Children and the changing world
If the government does not act, children will disproportionately suffer the consequences of climate destabilization
- Published 16.10.19, 2:27 AM
- Updated 16.10.19, 2:27 AM
- 3 mins read
When your house is on fire, you grab a bucket and find some water immediately. It is insane to do otherwise, or so believed the UN secretary-general, António Guterres. He invited leaders to come to New York on September 23 with concrete, realistic plans to enhance their nationally determined contributions by 2020, in line with reducing greenhouse gas emissions by 45 per cent over the next decade and to net zero emissions by 2050. Guterres did not get to hear as he had hoped in spite of the build-up.

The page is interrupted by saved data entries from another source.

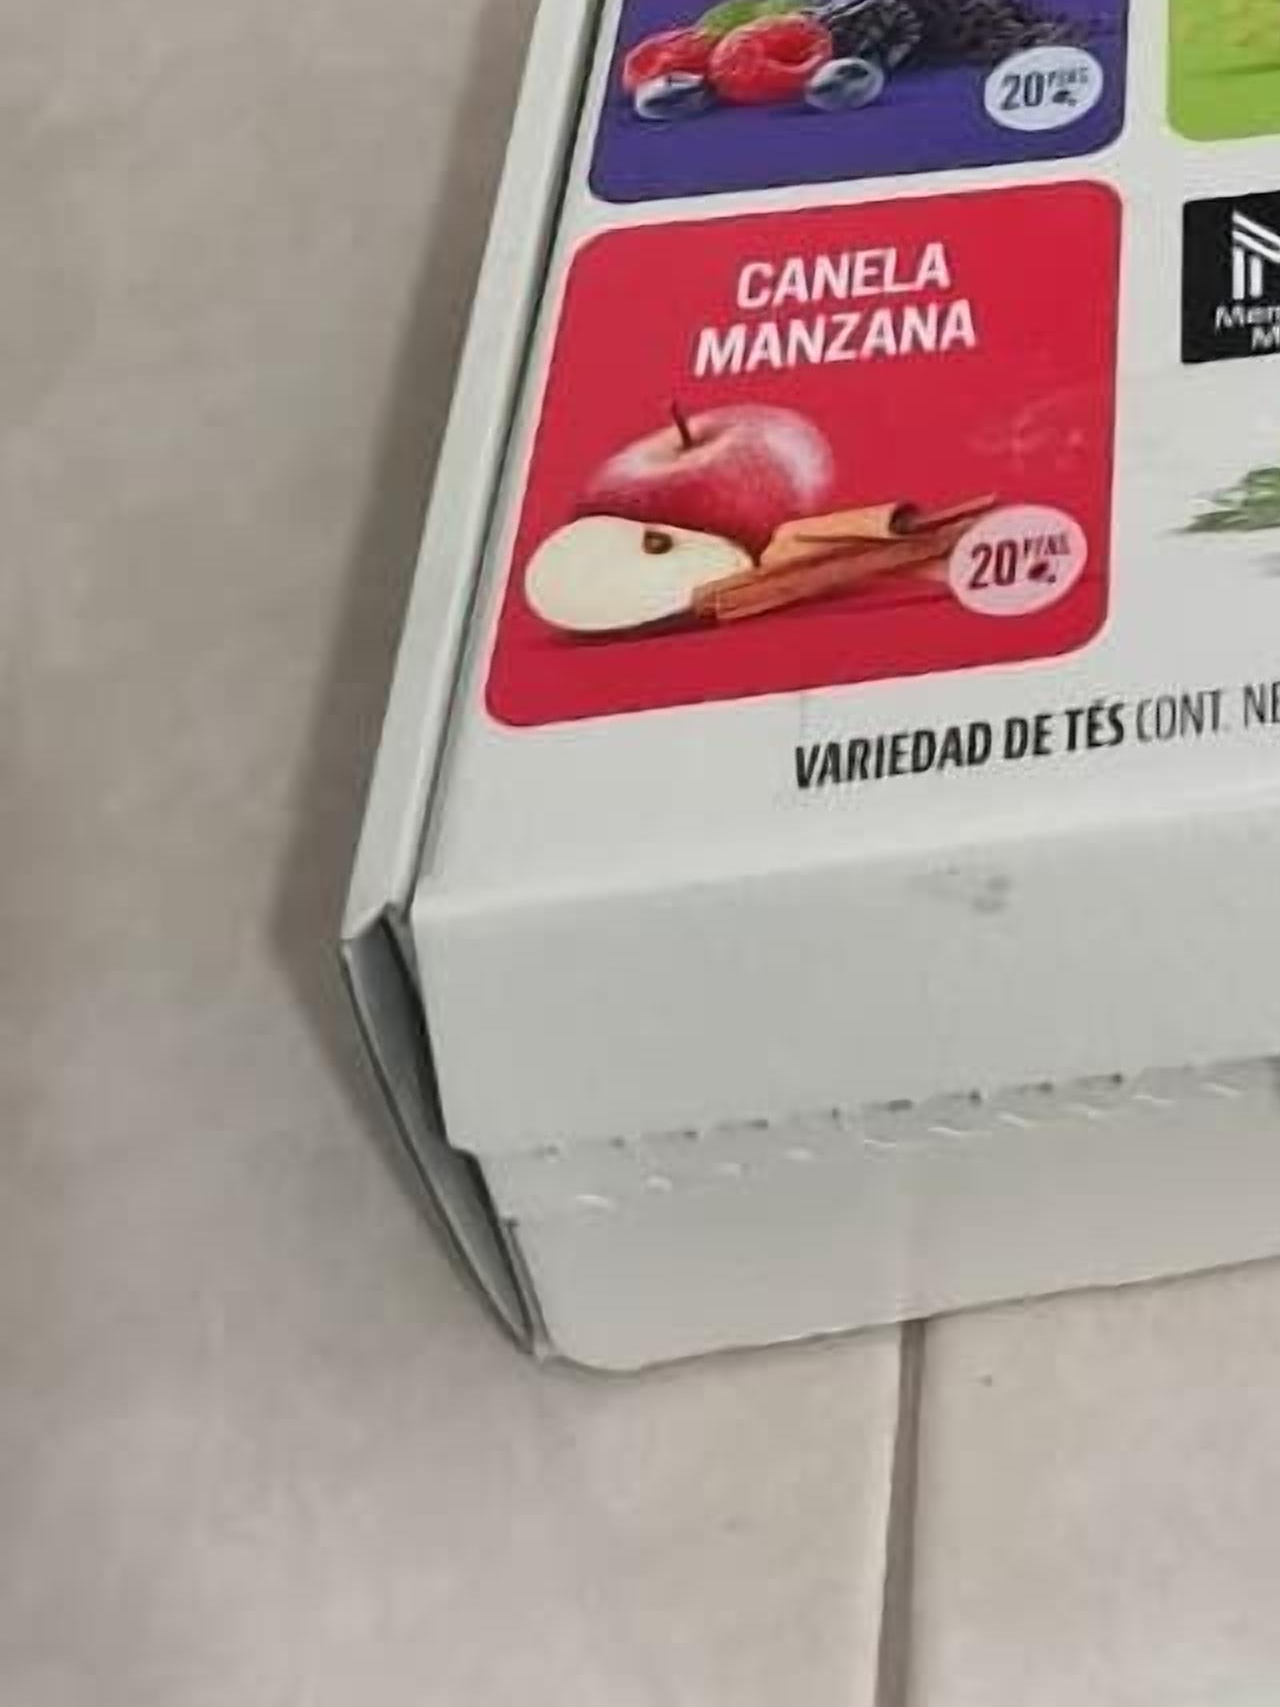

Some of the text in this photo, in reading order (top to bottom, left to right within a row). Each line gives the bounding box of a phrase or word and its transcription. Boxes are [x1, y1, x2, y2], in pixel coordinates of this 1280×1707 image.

[1000, 71, 1045, 111] 20
[735, 242, 952, 310] CANELA
[693, 299, 977, 377] MANZANA
[967, 537, 1020, 591] 20
[795, 720, 992, 789] VARIEDAD
[1003, 709, 1054, 760] DE

At the UN Climate Action Summit 2019, our prime minister, the leader of the third-largest GHG emitter and a Champion of the Earth laureate for policy leadership, pledged that the share of non-fossil fuel will be increased. All he said was that by 2022 India’s renewable energy capacity would be increased to 175 GW and beyond. He also said that India plans to make the transport sector green through e-mobility. Never mind that metro projects languish, and whatever e-mobility is achieved is generally through fossil fuel-based electricity. He further said that India would considerably increase the proportion of biofuel blend in petrol and diesel. The internal combustion engine is not going anywhere anytime soon. He added that clean cooking gas has been provided to 150 million families in India. Clean yes, but not emission free.
In the run-up to the Climate Action Summit, the UN secretary-general had prioritized six action portfolios, which are recognized as having high potential to curb GHG emissions and increase global action on adaptation and resilience. The prime minister chose not to speak on most of these action areas, as did most other world leaders. Such global events and hyperactivism cost much economically and also in terms of emission but yield little action.
There are other ways of bringing about desired change in policy and practice, possibly with greater chance of concrete action. Does the name Ridhima Pandey ring a bell? Ridhima is not from the first world, is brown, and is yet to be a teenager. In the absence of media hype around her, you could be forgiven for the ignorance.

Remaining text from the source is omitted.